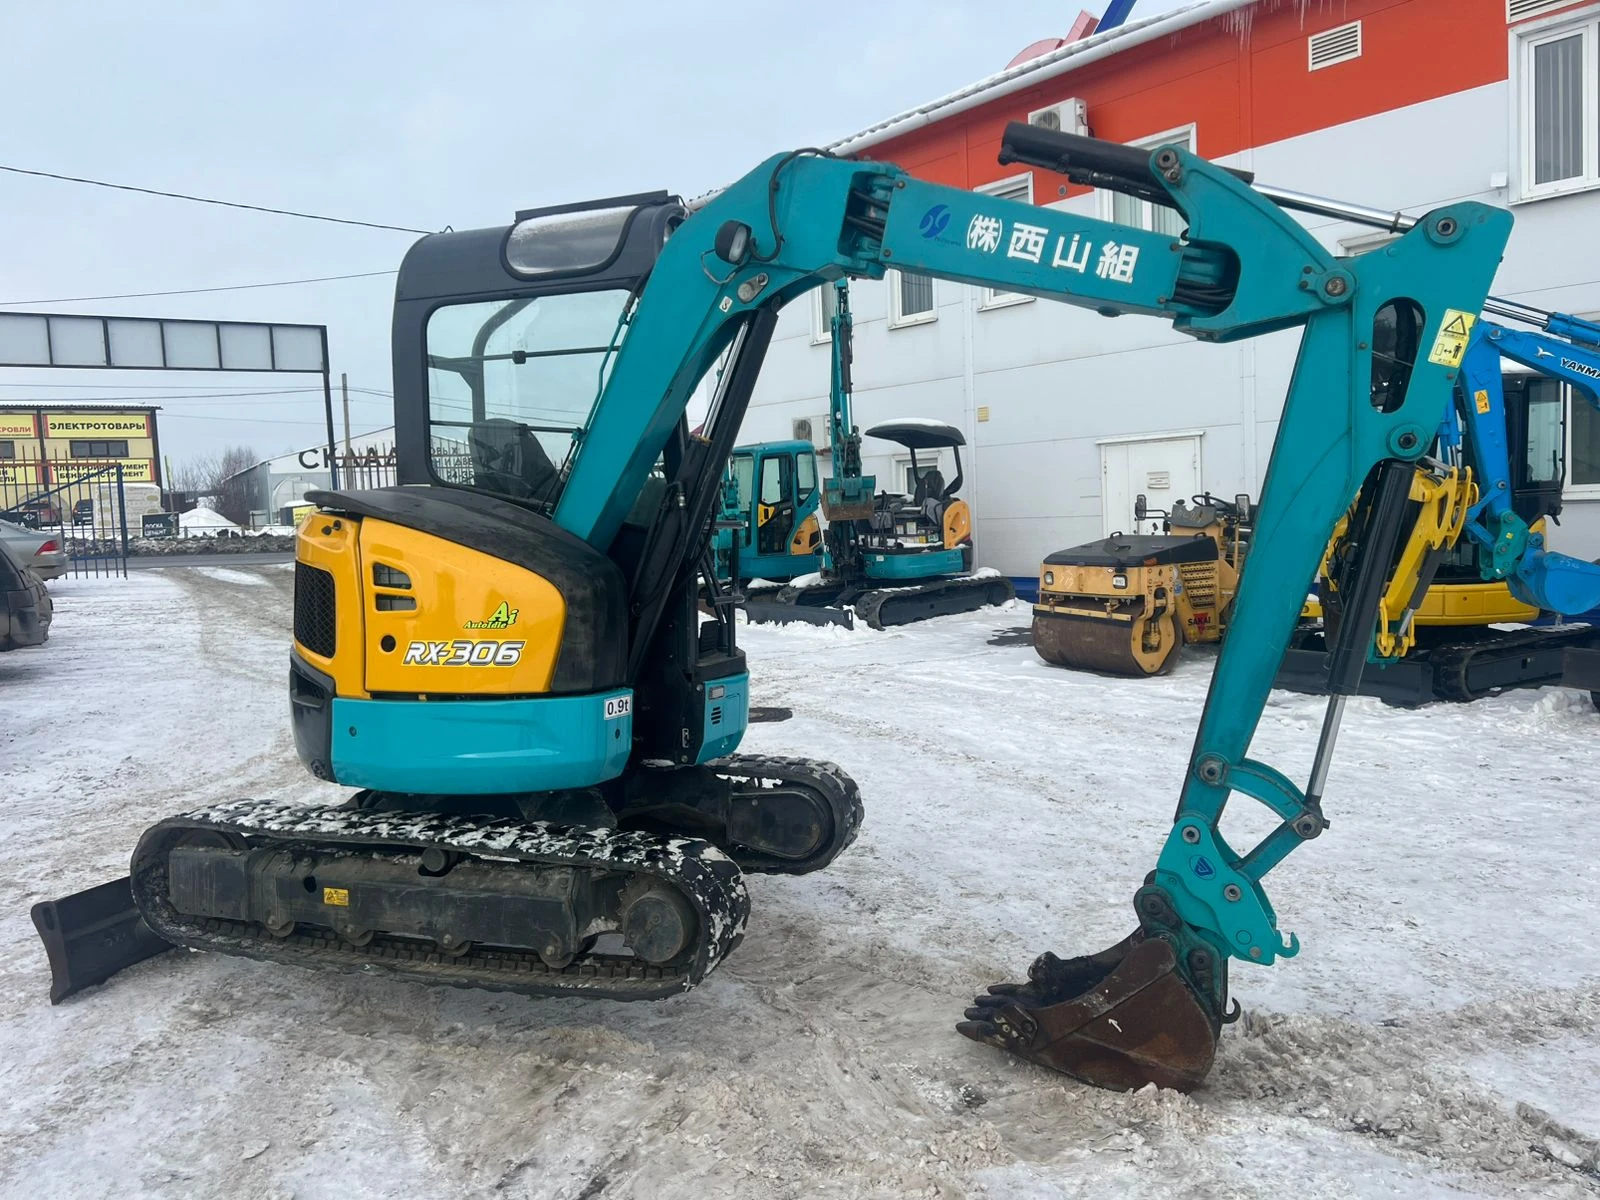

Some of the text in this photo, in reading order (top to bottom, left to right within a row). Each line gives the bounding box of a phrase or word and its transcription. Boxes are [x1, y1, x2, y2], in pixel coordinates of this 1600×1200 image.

[49, 422, 145, 430] ЭЛЕКТРОТОВАРЫ
[463, 620, 507, 629] AutoIdle
[403, 640, 526, 666] RX-306
[607, 699, 629, 716] 0.9t
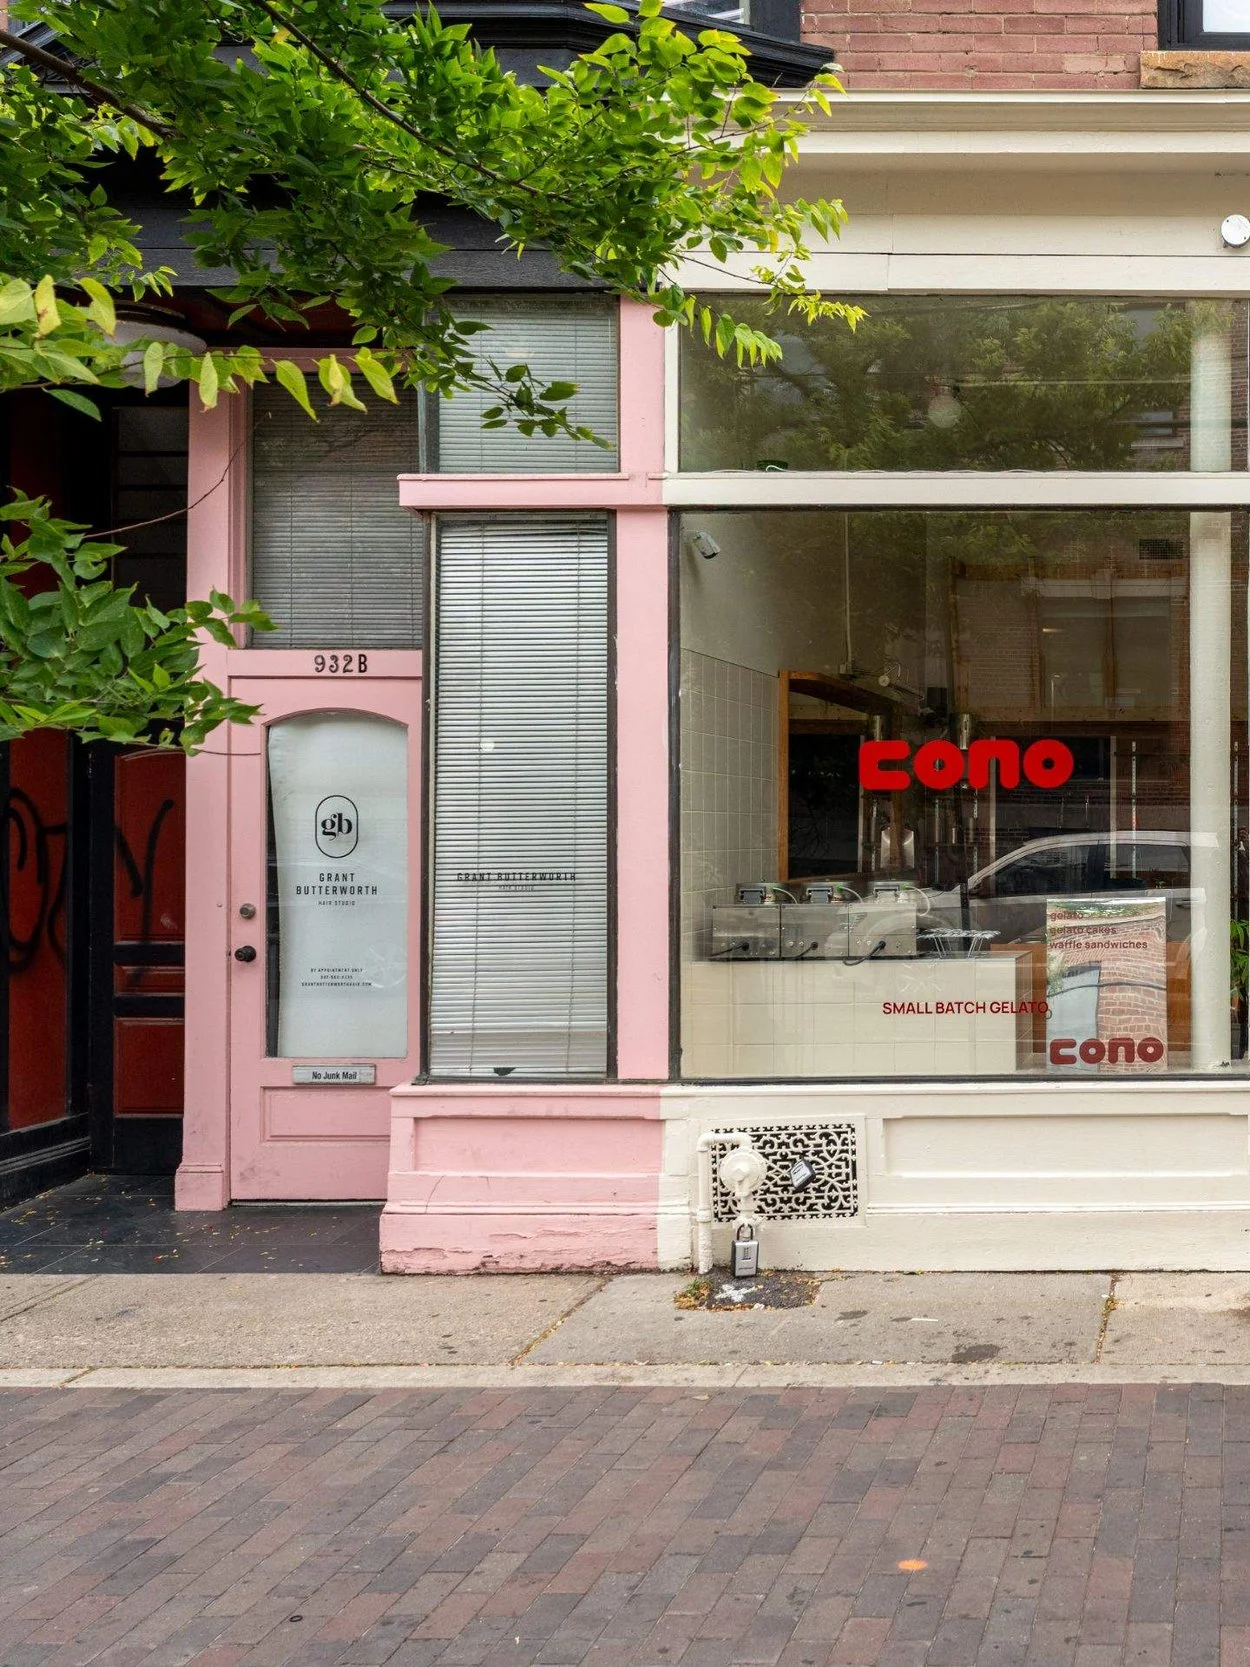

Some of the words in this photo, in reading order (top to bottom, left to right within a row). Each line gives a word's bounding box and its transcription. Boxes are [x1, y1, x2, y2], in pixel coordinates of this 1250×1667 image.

[859, 739, 1074, 790] cono
[319, 872, 355, 882] GRANT
[457, 872, 491, 881] GRANT
[497, 871, 576, 881] BUTTERWORTH
[296, 885, 378, 895] BUTTERWORTH
[1050, 910, 1084, 919] gelato
[1050, 926, 1085, 936] gelato
[1086, 926, 1118, 934] cakes
[1050, 940, 1083, 949] waffle
[1084, 940, 1148, 949] sandwiches
[883, 1002, 932, 1014] SMALL
[936, 1002, 986, 1014] BATCH
[990, 1001, 1049, 1014] GELATO
[1050, 1037, 1164, 1064] cono

• Action item: Transcribe the whole listing exactly as it stands, apart from the pictures.

• Result below:
Some of the text in this photo, in reading order (top to bottom, left to right within a row). Each line gives the bounding box of a phrase or word and its transcription. Boxes are [x1, y1, x2, y2], in pixel coordinates of this 1600×1200 image.

[49, 422, 145, 430] ЭЛЕКТРОТОВАРЫ
[463, 620, 507, 629] AutoIdle
[403, 640, 526, 666] RX-306
[607, 699, 629, 716] 0.9t

Some of the words in this photo, in reading order (top to bottom, left to right within a row). Each line gives a word's bounding box and its transcription. Boxes are [x1, y1, x2, y2], in pixel coordinates of this 1250×1667 image.

[859, 739, 1074, 790] cono
[319, 872, 355, 882] GRANT
[457, 872, 491, 881] GRANT
[497, 871, 576, 881] BUTTERWORTH
[296, 885, 378, 895] BUTTERWORTH
[1050, 910, 1084, 919] gelato
[1050, 926, 1085, 936] gelato
[1086, 926, 1118, 934] cakes
[1050, 940, 1083, 949] waffle
[1084, 940, 1148, 949] sandwiches
[883, 1002, 932, 1014] SMALL
[936, 1002, 986, 1014] BATCH
[990, 1001, 1049, 1014] GELATO
[1050, 1037, 1164, 1064] cono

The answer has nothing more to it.